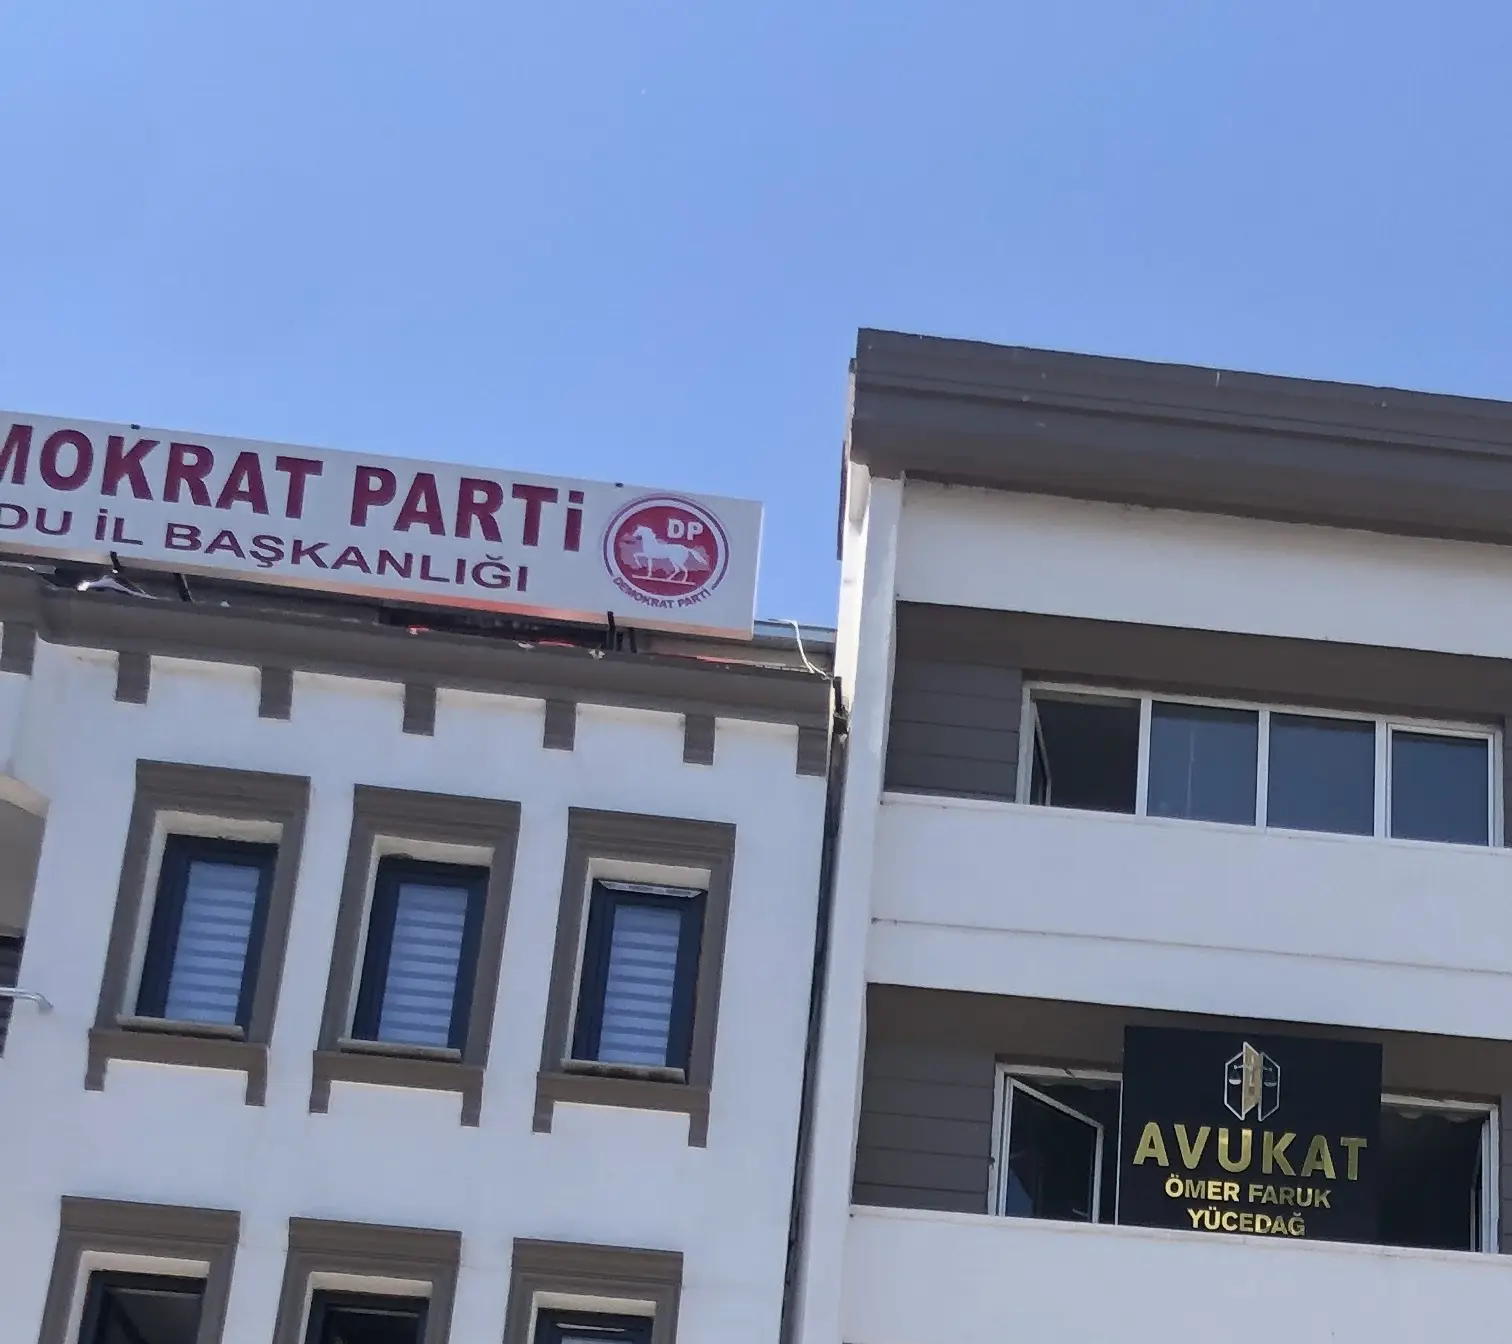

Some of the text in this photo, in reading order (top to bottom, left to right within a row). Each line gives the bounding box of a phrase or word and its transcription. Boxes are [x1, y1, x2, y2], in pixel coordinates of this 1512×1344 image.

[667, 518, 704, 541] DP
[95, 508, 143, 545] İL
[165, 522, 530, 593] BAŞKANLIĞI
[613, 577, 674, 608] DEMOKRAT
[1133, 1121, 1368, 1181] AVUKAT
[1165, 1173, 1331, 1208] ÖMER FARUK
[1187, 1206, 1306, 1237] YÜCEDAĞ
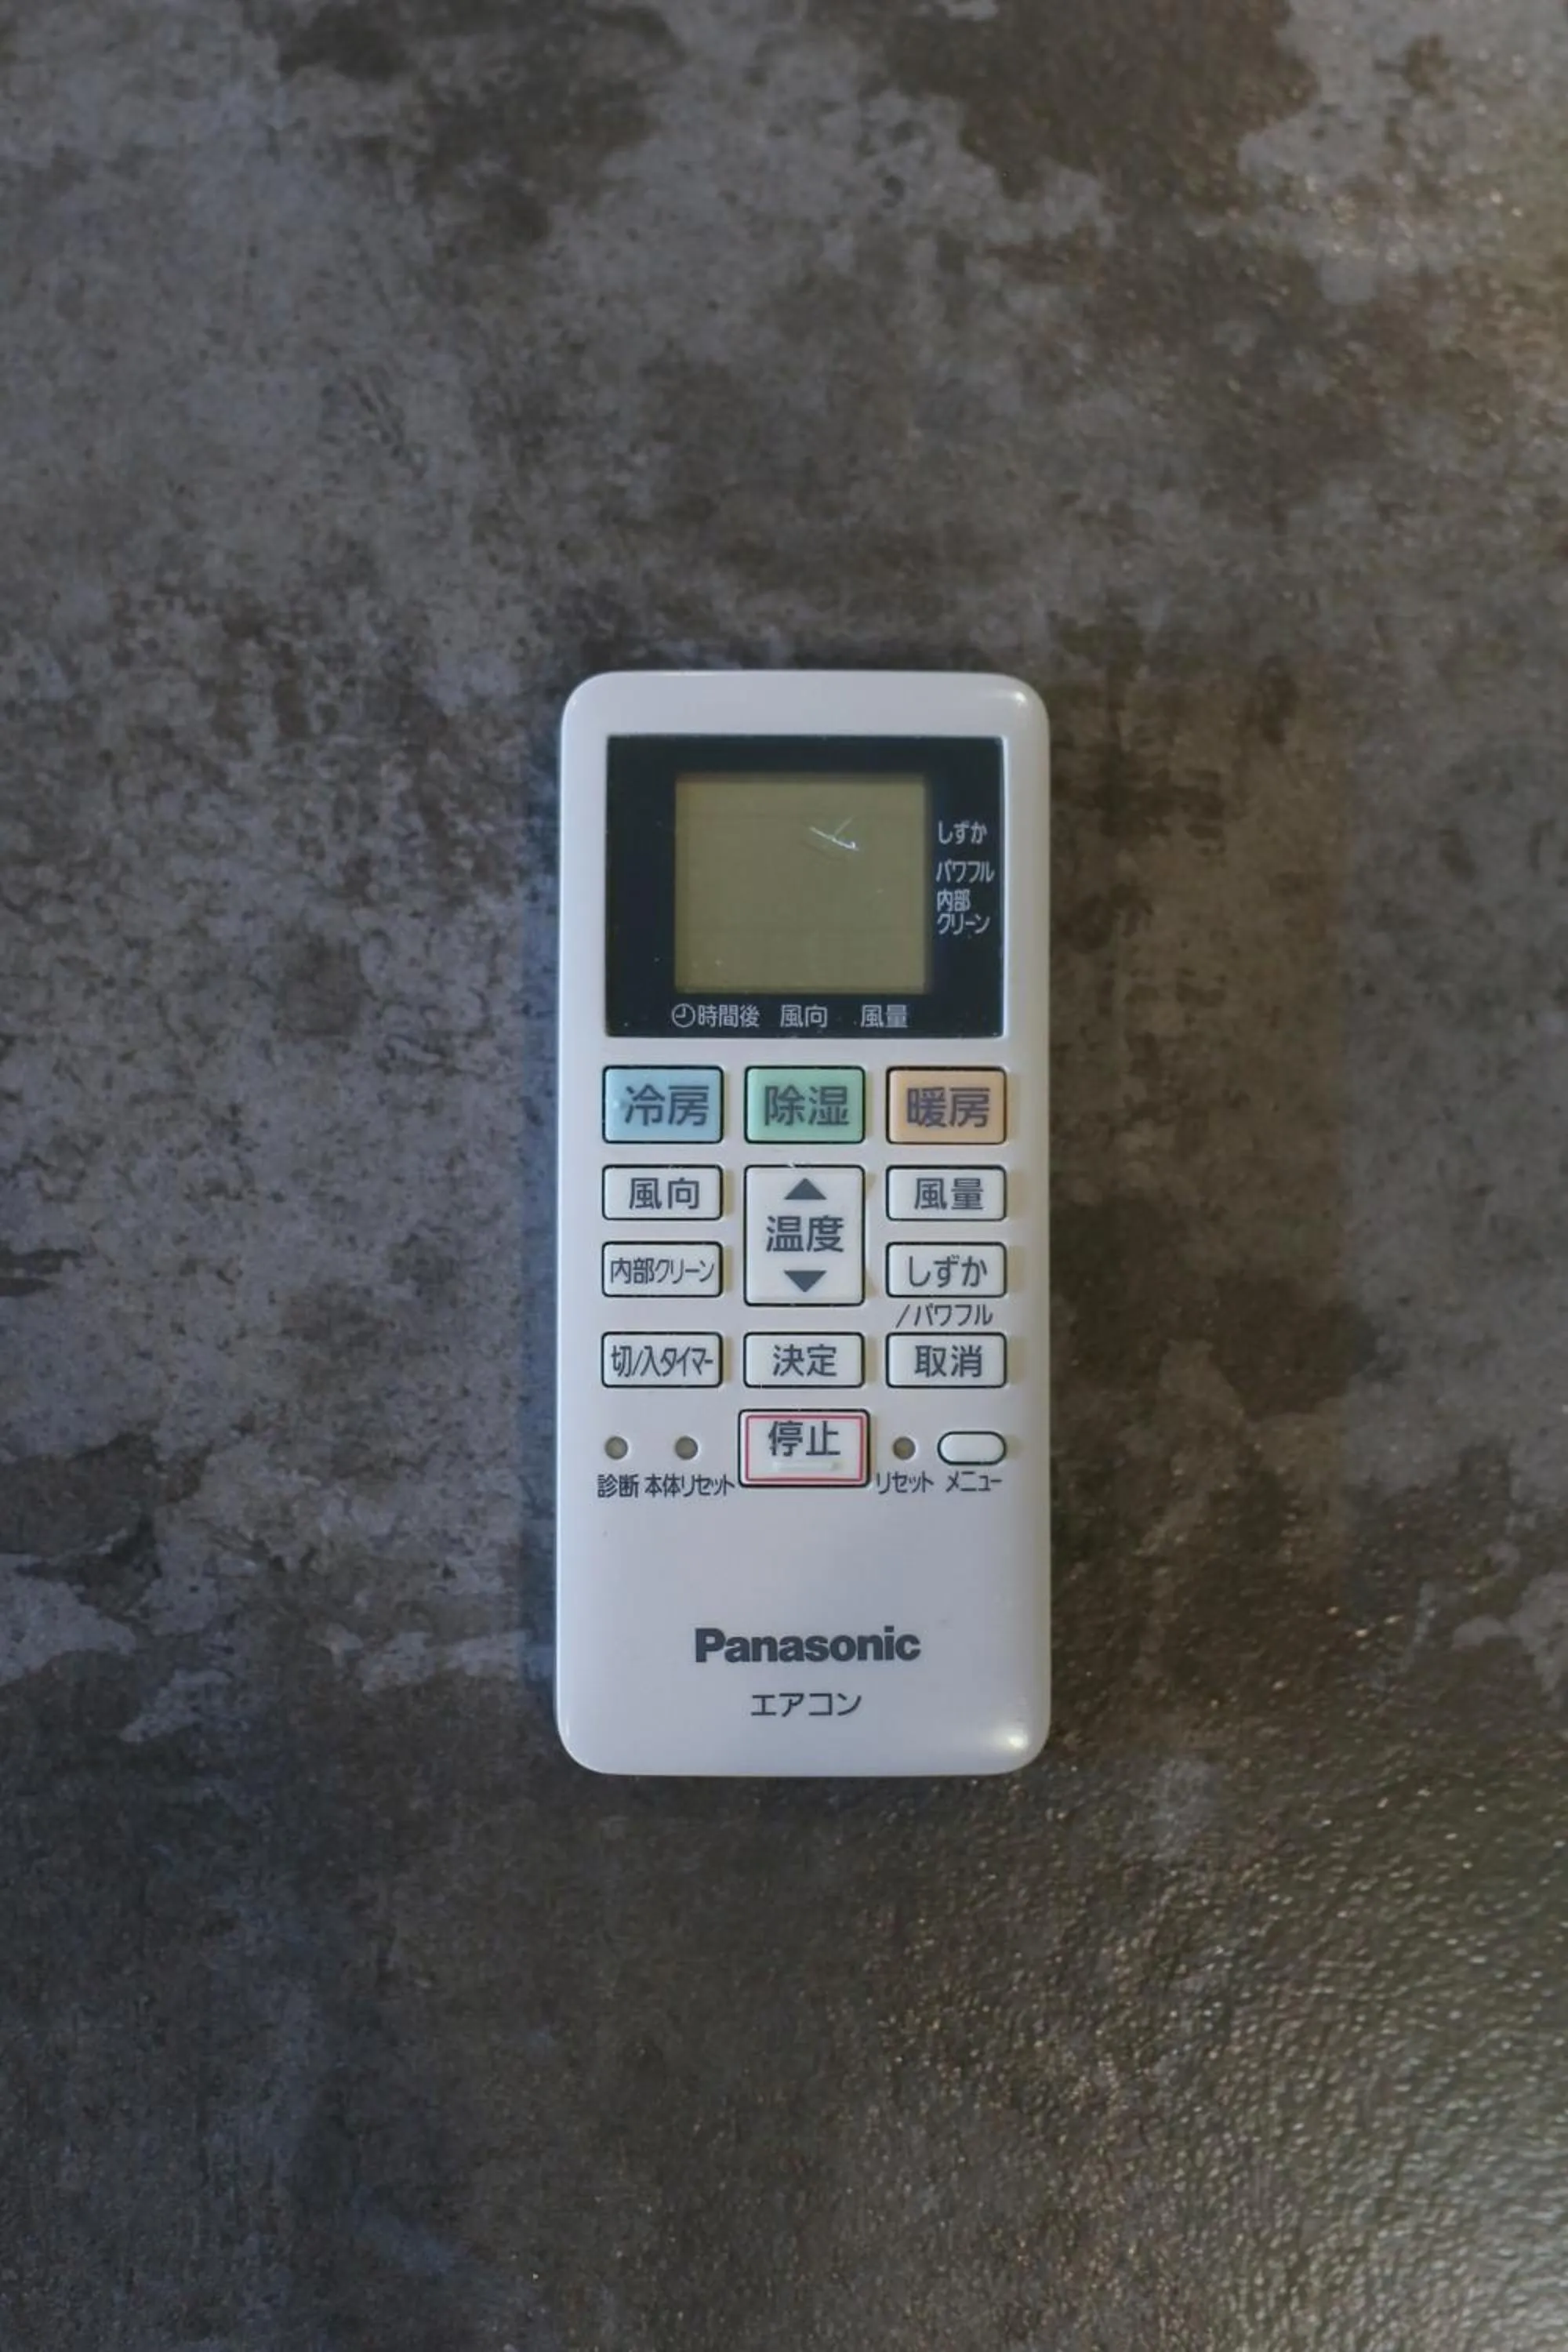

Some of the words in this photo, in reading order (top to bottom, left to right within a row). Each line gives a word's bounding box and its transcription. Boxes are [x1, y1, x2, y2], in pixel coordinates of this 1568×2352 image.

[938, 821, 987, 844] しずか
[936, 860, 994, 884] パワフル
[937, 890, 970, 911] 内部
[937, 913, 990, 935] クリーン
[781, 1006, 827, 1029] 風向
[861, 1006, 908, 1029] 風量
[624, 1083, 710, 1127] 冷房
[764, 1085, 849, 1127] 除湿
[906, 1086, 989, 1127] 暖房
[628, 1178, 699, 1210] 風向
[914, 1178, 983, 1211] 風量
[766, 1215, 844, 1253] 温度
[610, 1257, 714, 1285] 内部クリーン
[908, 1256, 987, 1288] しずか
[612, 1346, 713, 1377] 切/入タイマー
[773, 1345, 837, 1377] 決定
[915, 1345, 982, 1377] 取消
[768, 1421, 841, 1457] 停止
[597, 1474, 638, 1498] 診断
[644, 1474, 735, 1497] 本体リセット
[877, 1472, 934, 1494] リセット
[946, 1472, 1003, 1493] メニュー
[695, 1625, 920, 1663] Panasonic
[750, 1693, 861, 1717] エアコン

**PROMPT:** Copy all of the material word for word, and include none of its pictures.

**ANSWER AREA:**
Some of the text in this photo, in reading order (top to bottom, left to right within a row). Each line gives the bounding box of a phrase or word and its transcription. Boxes are [x1, y1, x2, y2], in pixel coordinates of this 1512×1344 image.

[667, 518, 704, 541] DP
[95, 508, 143, 545] İL
[165, 522, 530, 593] BAŞKANLIĞI
[613, 577, 674, 608] DEMOKRAT
[1133, 1121, 1368, 1181] AVUKAT
[1165, 1173, 1331, 1208] ÖMER FARUK
[1187, 1206, 1306, 1237] YÜCEDAĞ

Some of the words in this photo, in reading order (top to bottom, left to right within a row). Each line gives a word's bounding box and its transcription. Boxes are [x1, y1, x2, y2], in pixel coordinates of this 1568×2352 image.

[938, 821, 987, 844] しずか
[936, 860, 994, 884] パワフル
[937, 890, 970, 911] 内部
[937, 913, 990, 935] クリーン
[781, 1006, 827, 1029] 風向
[861, 1006, 908, 1029] 風量
[624, 1083, 710, 1127] 冷房
[764, 1085, 849, 1127] 除湿
[906, 1086, 989, 1127] 暖房
[628, 1178, 699, 1210] 風向
[914, 1178, 983, 1211] 風量
[766, 1215, 844, 1253] 温度
[610, 1257, 714, 1285] 内部クリーン
[908, 1256, 987, 1288] しずか
[612, 1346, 713, 1377] 切/入タイマー
[773, 1345, 837, 1377] 決定
[915, 1345, 982, 1377] 取消
[768, 1421, 841, 1457] 停止
[597, 1474, 638, 1498] 診断
[644, 1474, 735, 1497] 本体リセット
[877, 1472, 934, 1494] リセット
[946, 1472, 1003, 1493] メニュー
[695, 1625, 920, 1663] Panasonic
[750, 1693, 861, 1717] エアコン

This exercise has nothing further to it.